(Phrase grounding data)
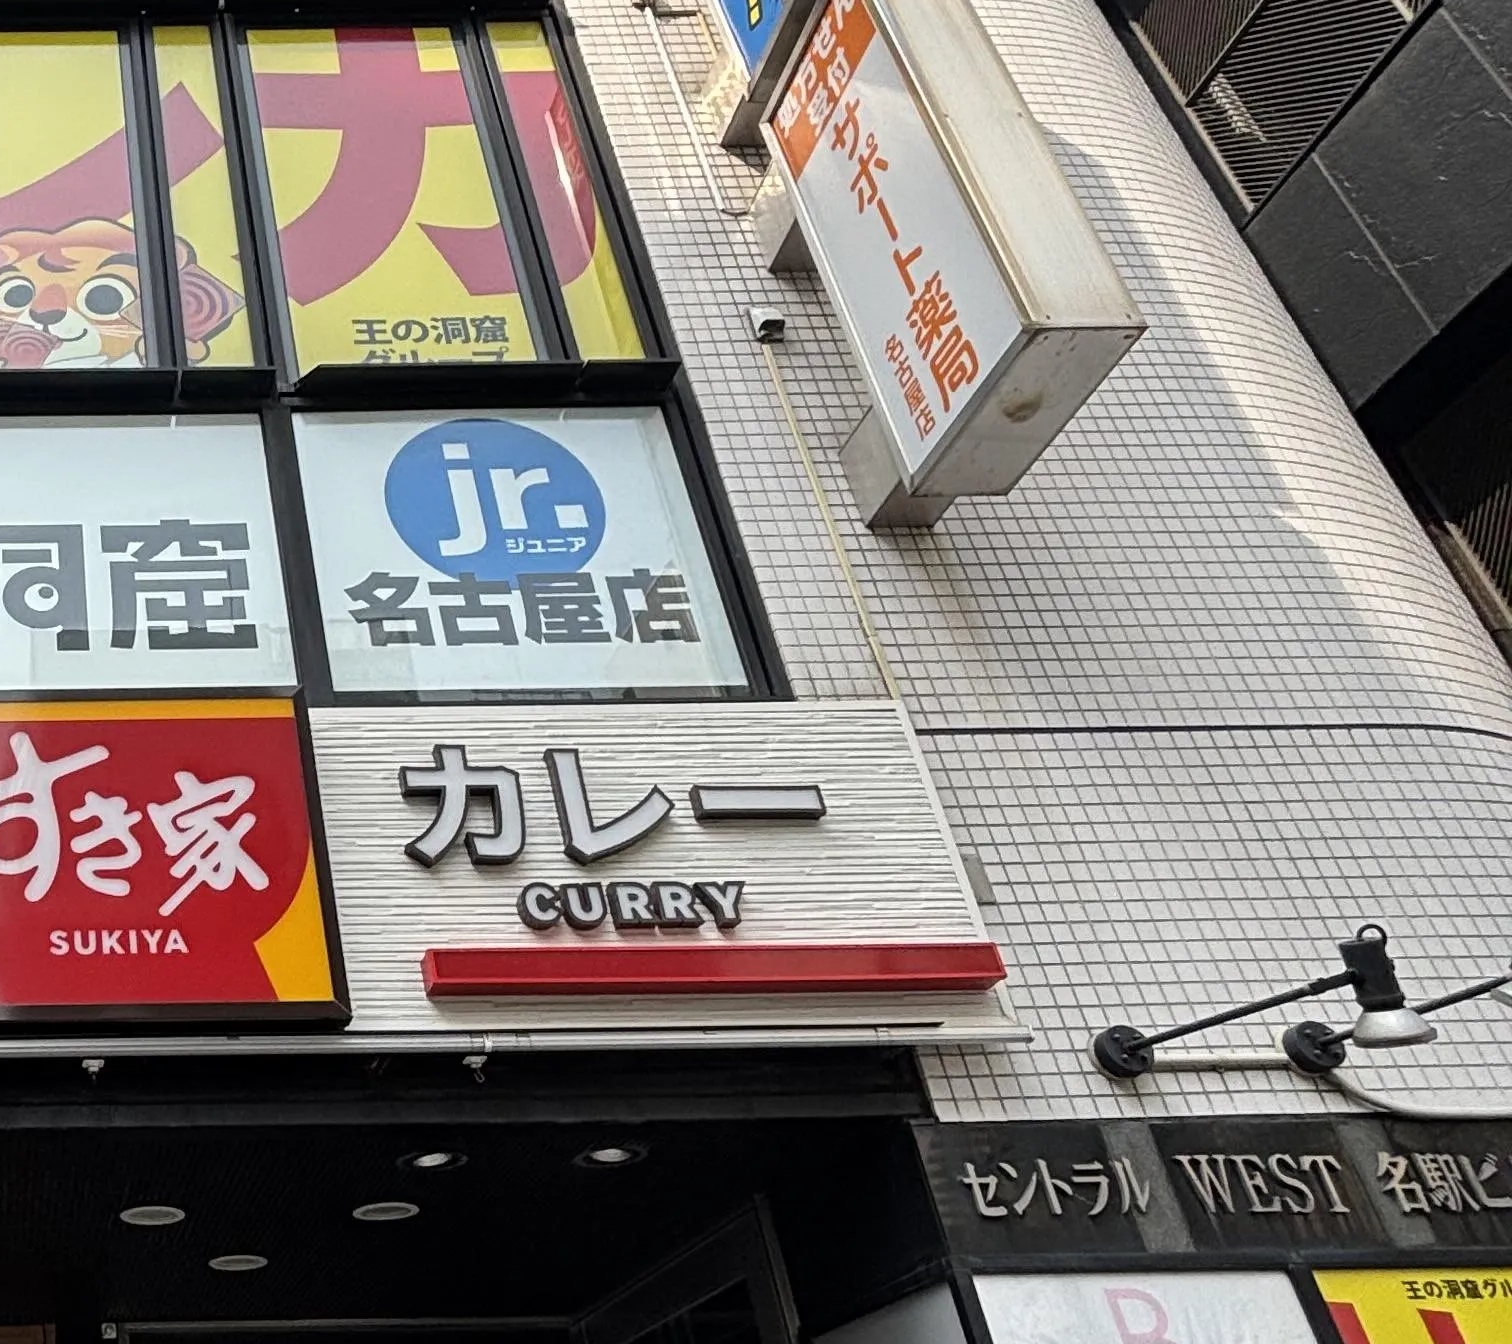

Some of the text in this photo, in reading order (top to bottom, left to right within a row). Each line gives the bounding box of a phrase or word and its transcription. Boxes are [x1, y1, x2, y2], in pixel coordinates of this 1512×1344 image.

[807, 47, 851, 137] 受付
[830, 97, 979, 414] サポート薬局
[351, 314, 510, 345] 王の洞窟
[884, 332, 937, 442] 名古屋店
[438, 442, 590, 557] jr.
[505, 535, 587, 555] ジュニア
[343, 567, 702, 647] 名古屋店
[400, 744, 829, 867] カレー
[48, 929, 191, 958] SUKIYA
[516, 880, 748, 932] CURRY
[958, 1154, 1151, 1220] セントラル
[1174, 1153, 1353, 1215] WEST
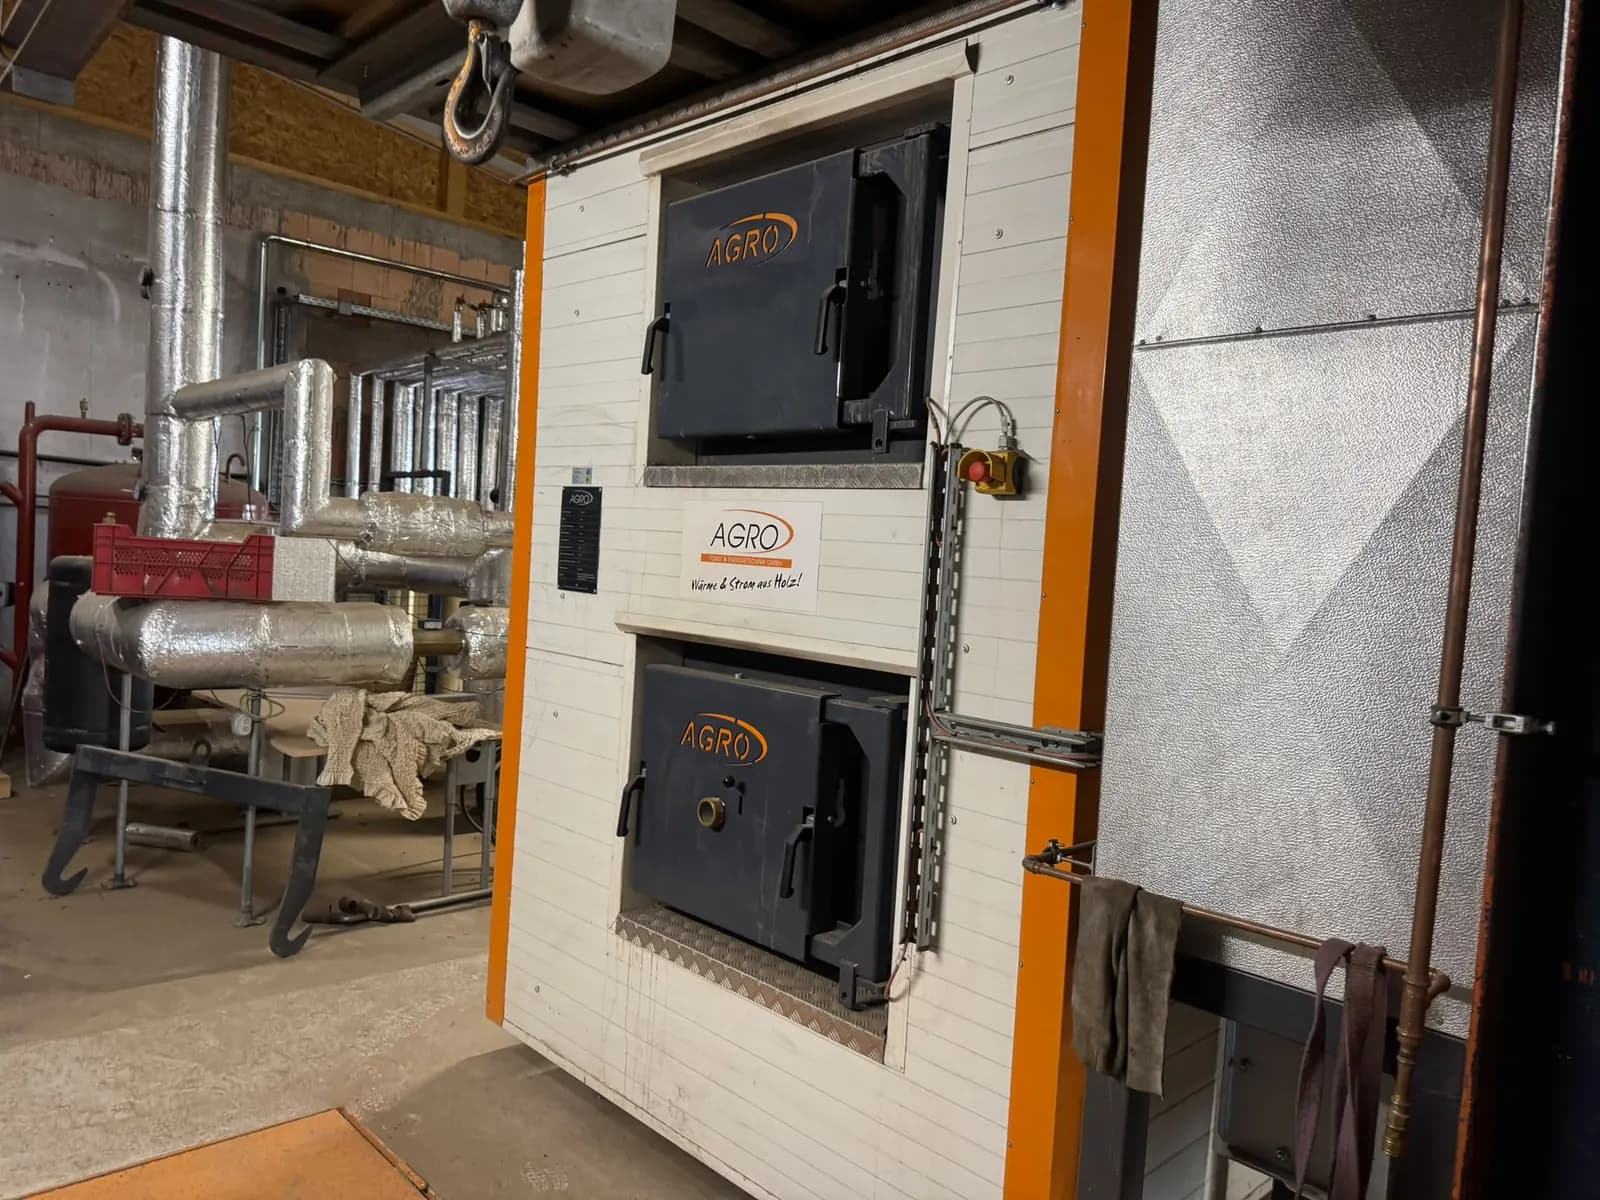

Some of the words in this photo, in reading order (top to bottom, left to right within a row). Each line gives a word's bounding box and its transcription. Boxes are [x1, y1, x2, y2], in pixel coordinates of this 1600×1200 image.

[705, 225, 780, 269] AGRO
[569, 494, 590, 504] AGRO
[710, 522, 779, 550] AGRO
[691, 578, 718, 592] Wärme
[719, 577, 727, 590] &
[729, 577, 756, 592] Strom
[757, 581, 772, 591] aus
[774, 572, 804, 589] Holz!
[680, 720, 751, 761] AGRO
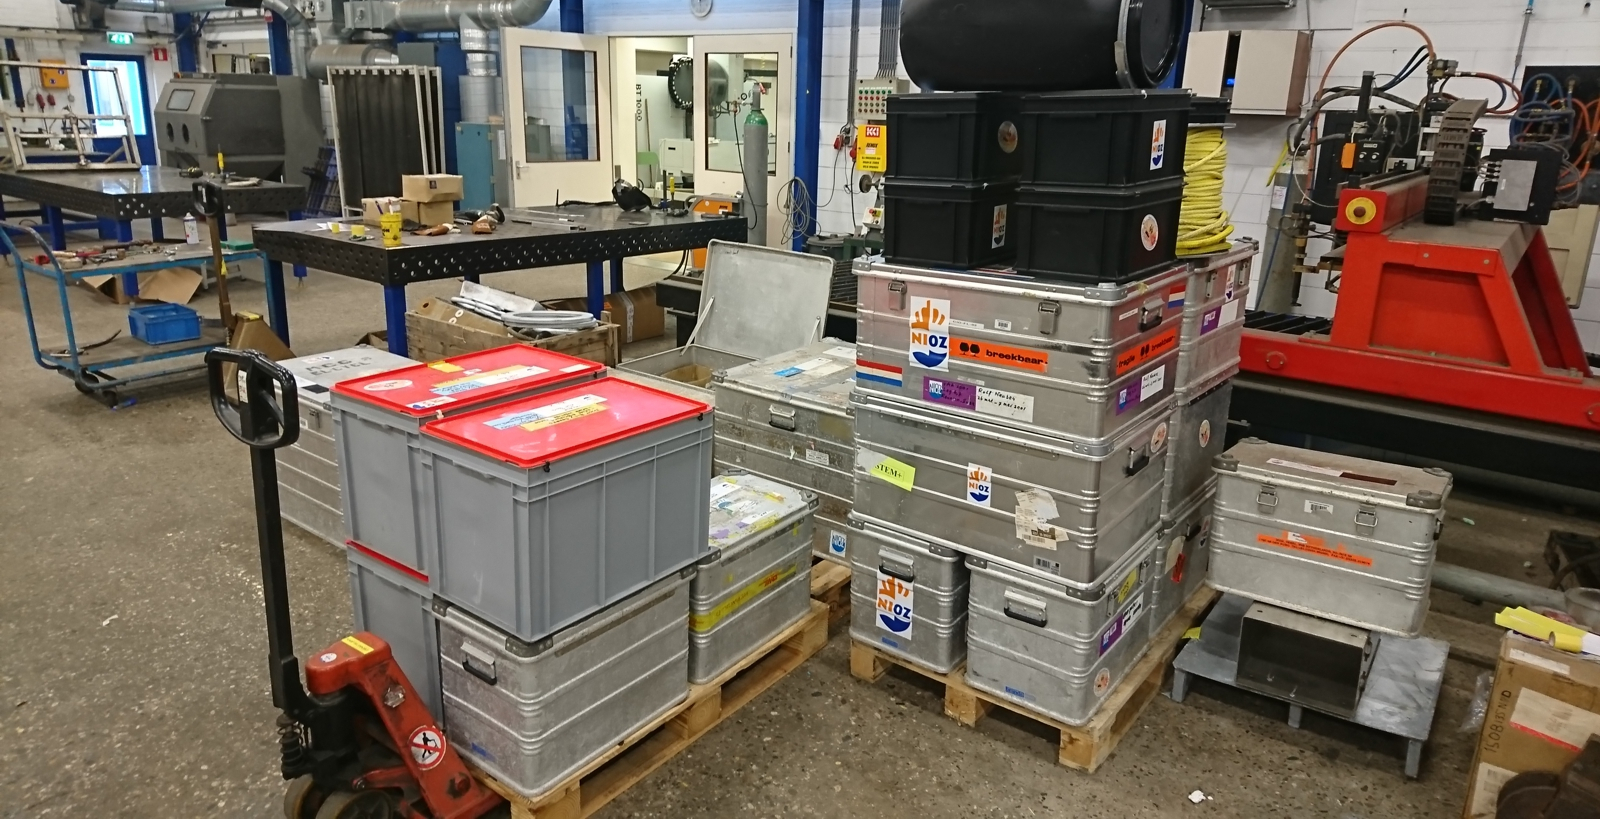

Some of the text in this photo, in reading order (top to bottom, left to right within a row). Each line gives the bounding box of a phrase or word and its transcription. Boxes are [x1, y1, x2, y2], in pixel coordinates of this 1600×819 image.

[635, 83, 643, 122] BT 1000
[911, 331, 948, 349] NIOZ
[968, 481, 990, 494] NIOZ
[877, 597, 912, 620] NIOZ
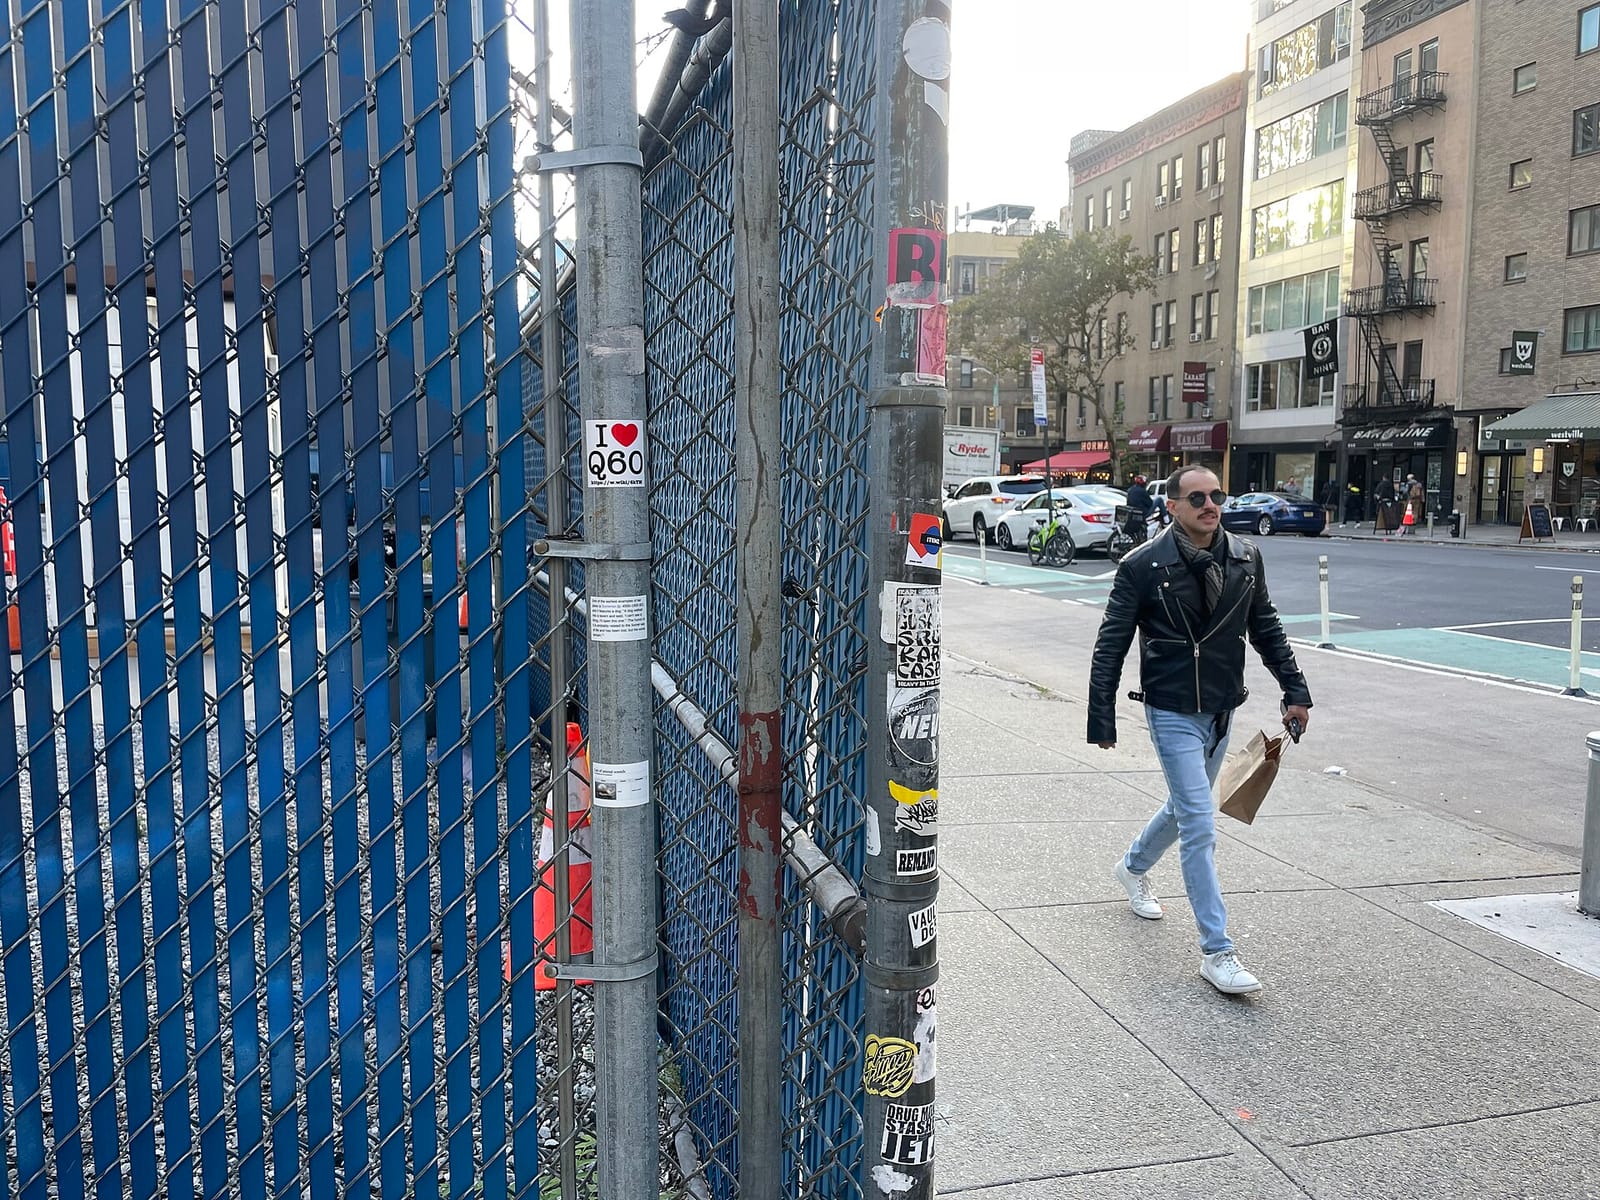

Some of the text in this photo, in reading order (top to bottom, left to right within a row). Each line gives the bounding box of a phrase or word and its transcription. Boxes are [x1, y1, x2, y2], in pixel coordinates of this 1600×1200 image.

[1311, 322, 1330, 335] BAR
[1518, 344, 1530, 354] W
[1313, 361, 1335, 375] NINE
[595, 424, 608, 447] I
[1550, 429, 1584, 438] westville
[958, 443, 988, 454] Ryder
[588, 450, 643, 480] Q60
[1564, 464, 1574, 472] W
[912, 901, 937, 930] VAUL
[887, 1105, 919, 1121] DRUG
[886, 1118, 934, 1134] STASH
[881, 1132, 935, 1164] JET

* ABOUT THIS TASK *
Each line of the data above should be reproduced without alteration, and no picture should appear in the copy.

* RESPONSE *
Some of the text in this photo, in reading order (top to bottom, left to right within a row). Each line gives the bounding box of a phrase or word and its transcription. Boxes are [x1, y1, x2, y2], in pixel coordinates of this 1512×1344 image.

[807, 47, 851, 137] 受付
[830, 97, 979, 414] サポート薬局
[351, 314, 510, 345] 王の洞窟
[884, 332, 937, 442] 名古屋店
[438, 442, 590, 557] jr.
[505, 535, 587, 555] ジュニア
[343, 567, 702, 647] 名古屋店
[400, 744, 829, 867] カレー
[48, 929, 191, 958] SUKIYA
[516, 880, 748, 932] CURRY
[958, 1154, 1151, 1220] セントラル
[1174, 1153, 1353, 1215] WEST

Some of the words in this photo, in reading order (top to bottom, left to right within a row). Each line gives a word's bounding box and its transcription. Boxes are [x1, y1, x2, y2], in pixel coordinates of this 1600×1200 image.

[705, 225, 780, 269] AGRO
[569, 494, 590, 504] AGRO
[710, 522, 779, 550] AGRO
[691, 578, 718, 592] Wärme
[719, 577, 727, 590] &
[729, 577, 756, 592] Strom
[757, 581, 772, 591] aus
[774, 572, 804, 589] Holz!
[680, 720, 751, 761] AGRO

Some of the text in this photo, in reading order (top to bottom, left to right within a row). Each line gives the bounding box of a phrase or word and its transcription. Boxes are [x1, y1, x2, y2], in pixel coordinates of this 1600×819 image.

[635, 83, 643, 122] BT 1000
[911, 331, 948, 349] NIOZ
[968, 481, 990, 494] NIOZ
[877, 597, 912, 620] NIOZ

Some of the text in this photo, in reading order (top to bottom, left to right within a row). Each line gives the bounding box of a phrase or word and its transcription. Boxes are [x1, y1, x2, y2], in pixel coordinates of this 1600×1200 image.

[1311, 322, 1330, 335] BAR
[1518, 344, 1530, 354] W
[1313, 361, 1335, 375] NINE
[595, 424, 608, 447] I
[1550, 429, 1584, 438] westville
[958, 443, 988, 454] Ryder
[588, 450, 643, 480] Q60
[1564, 464, 1574, 472] W
[912, 901, 937, 930] VAUL
[887, 1105, 919, 1121] DRUG
[886, 1118, 934, 1134] STASH
[881, 1132, 935, 1164] JET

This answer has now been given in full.